■ Exercise
After locating the line that contains "this 1280×1278 image.", restate it and each later line word for word through the end of the records.

******

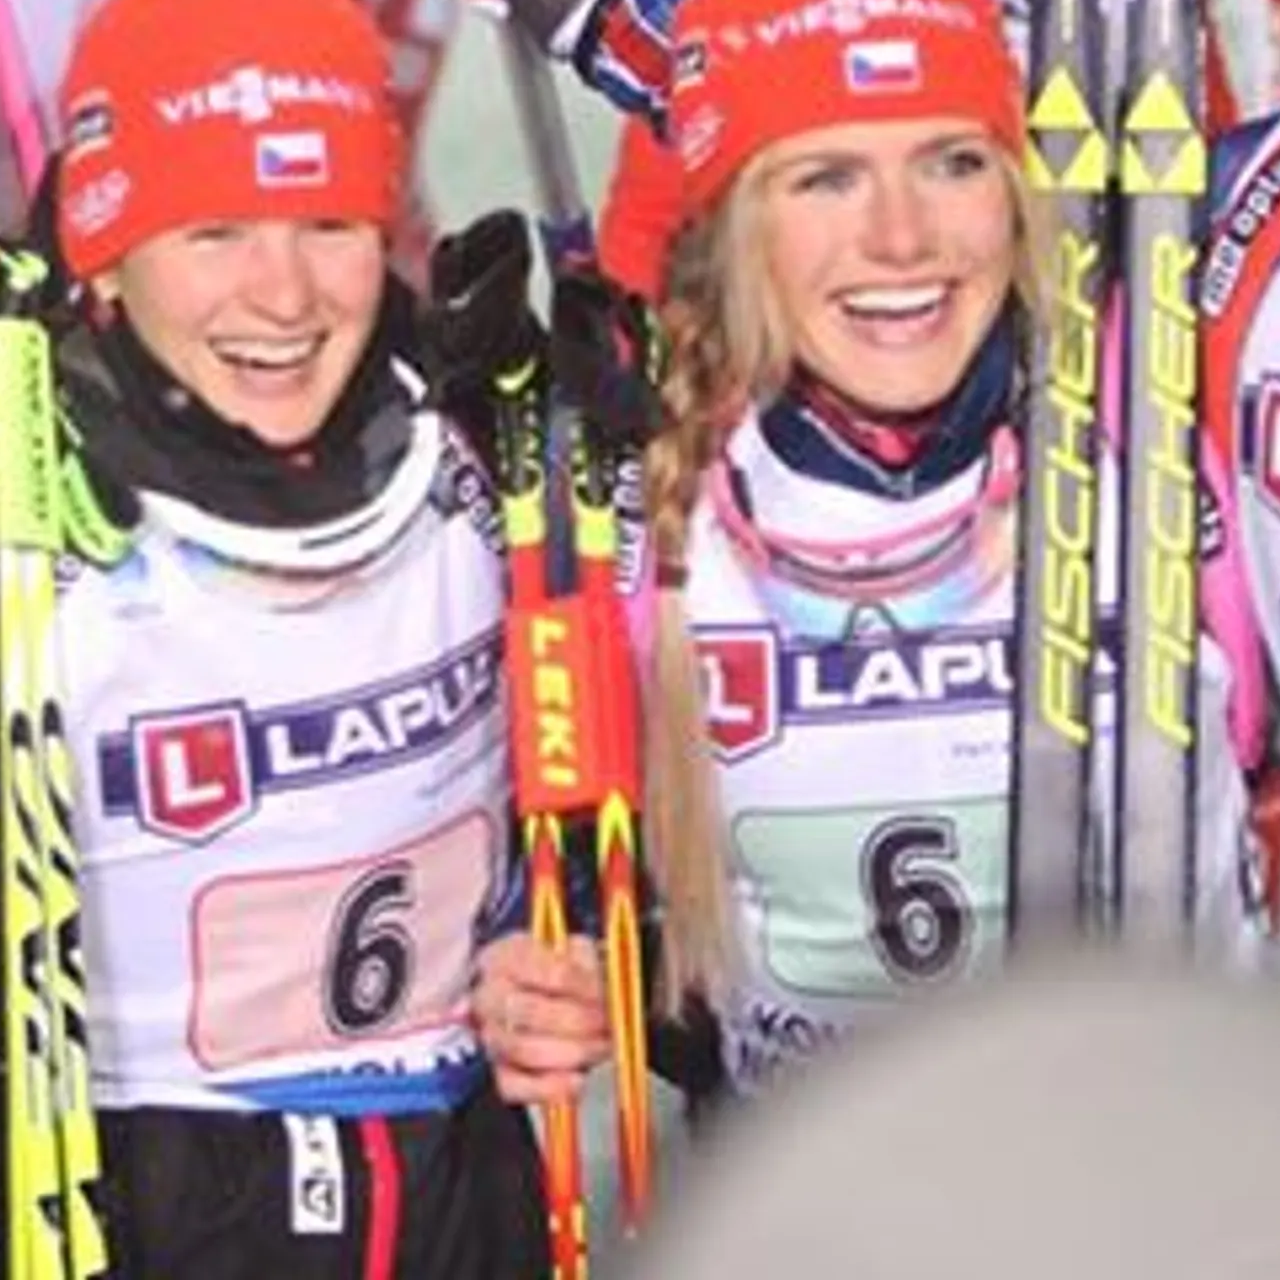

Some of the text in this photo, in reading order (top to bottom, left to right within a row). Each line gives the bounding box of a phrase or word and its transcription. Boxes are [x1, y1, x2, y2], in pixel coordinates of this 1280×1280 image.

[1042, 232, 1099, 746] FISCHER
[1147, 232, 1198, 746] FISCHER
[324, 858, 418, 1039] 6
[860, 815, 976, 988] 6
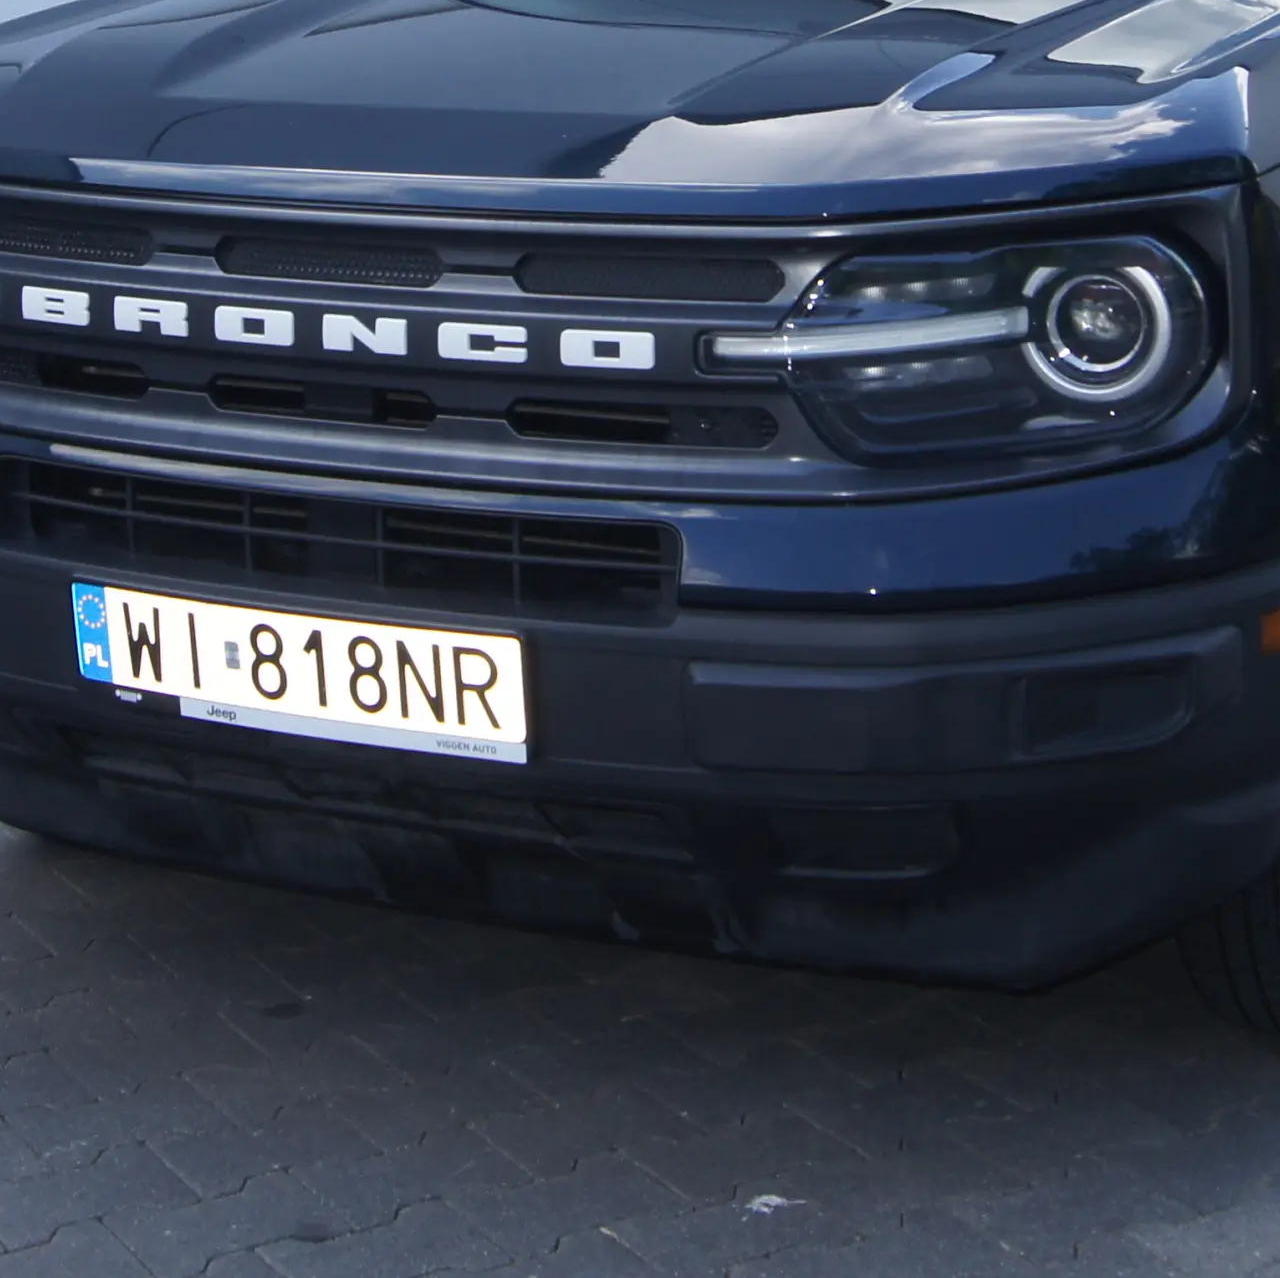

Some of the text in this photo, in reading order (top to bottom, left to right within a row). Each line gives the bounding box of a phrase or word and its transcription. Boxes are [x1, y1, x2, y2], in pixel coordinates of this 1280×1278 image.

[21, 284, 656, 370] BRONCO
[82, 642, 109, 669] PL
[122, 602, 501, 730] WI 818NR
[206, 705, 237, 722] Jeep
[472, 744, 497, 755] AUTO

******

■ Output
Some of the text in this photo, in reading order (top to bottom, left to right within a row). Each line gives the bounding box of a phrase or word and its transcription. Boxes are [x1, y1, x2, y2], in pixel coordinates of this 1280×1278 image.

[21, 284, 656, 370] BRONCO
[82, 642, 109, 669] PL
[122, 602, 501, 730] WI 818NR
[206, 705, 237, 722] Jeep
[472, 744, 497, 755] AUTO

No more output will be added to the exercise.